*Exercise requirements*
The expected output is every record below, transcribed exactly, with the pictures left out.

--- Supplied material Enclosed Below ---

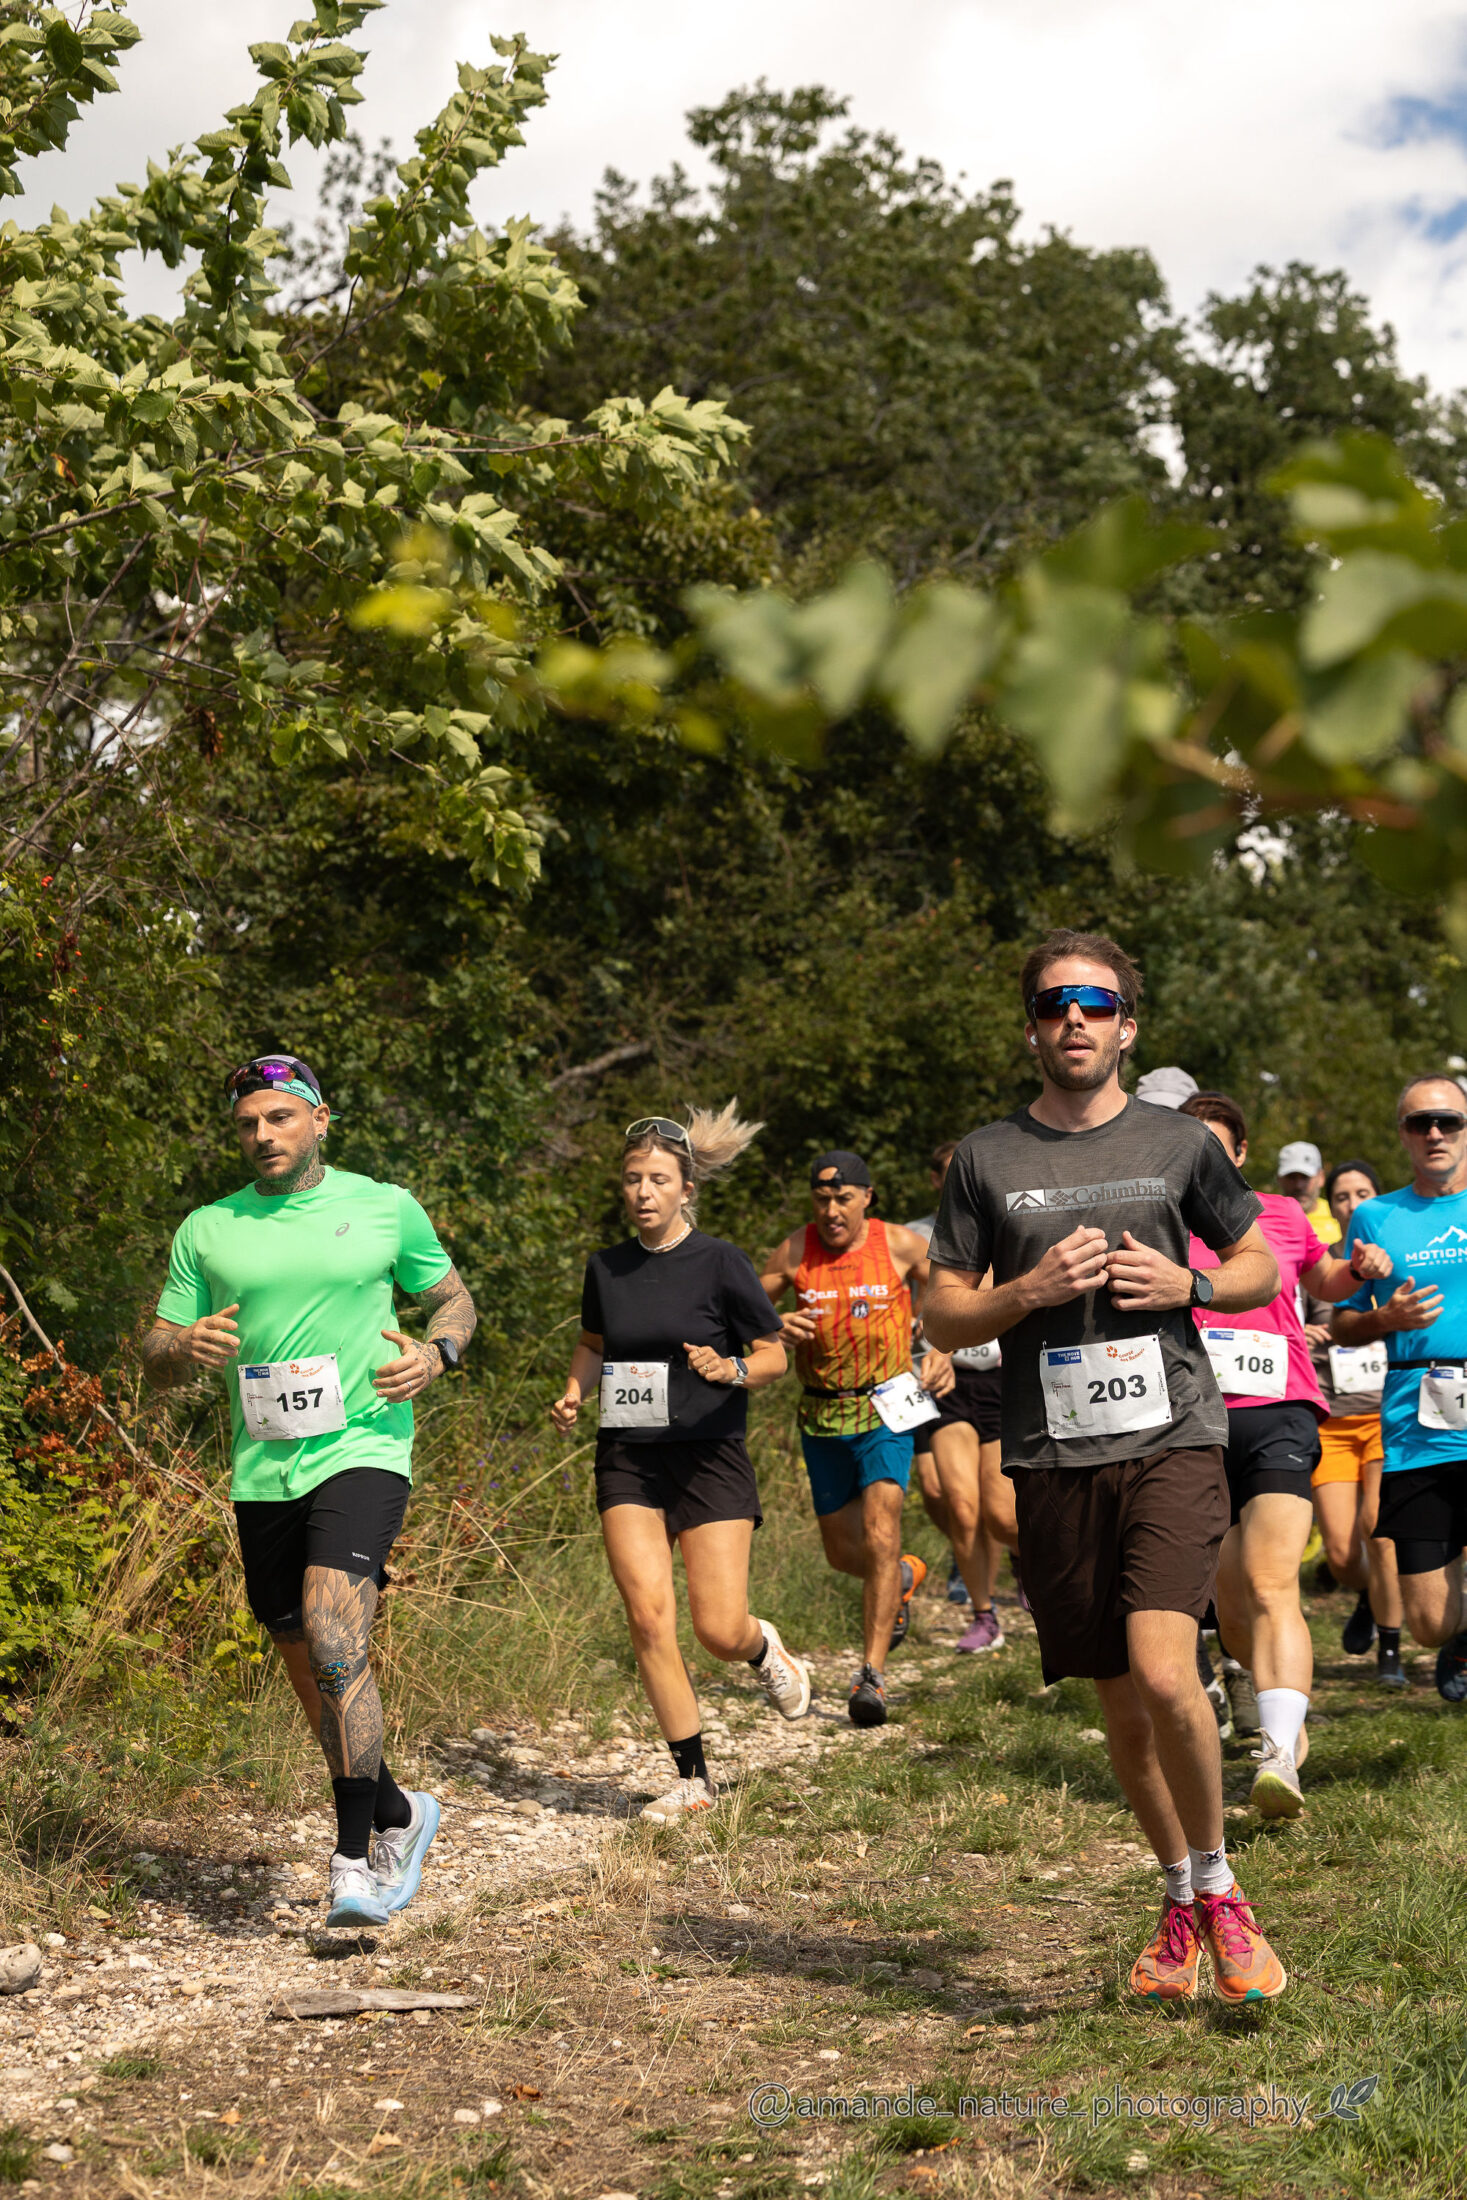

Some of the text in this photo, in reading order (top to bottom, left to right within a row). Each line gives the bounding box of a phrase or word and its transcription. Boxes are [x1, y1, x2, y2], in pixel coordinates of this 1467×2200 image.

[1072, 1181, 1164, 1204] Columbia
[849, 1284, 889, 1298] NEVES
[1234, 1354, 1274, 1375] 108
[276, 1387, 324, 1412] 157
[615, 1388, 654, 1405] 204
[1087, 1374, 1147, 1404] 203

--- End of Enclosed Supplied material ---

*Answer to this problem*
Some of the text in this photo, in reading order (top to bottom, left to right within a row). Each line gives the bounding box of a phrase or word and its transcription. Boxes are [x1, y1, x2, y2], in pixel coordinates of this 1467×2200 image.

[1072, 1181, 1164, 1204] Columbia
[849, 1284, 889, 1298] NEVES
[1234, 1354, 1274, 1375] 108
[276, 1387, 324, 1412] 157
[615, 1388, 654, 1405] 204
[1087, 1374, 1147, 1404] 203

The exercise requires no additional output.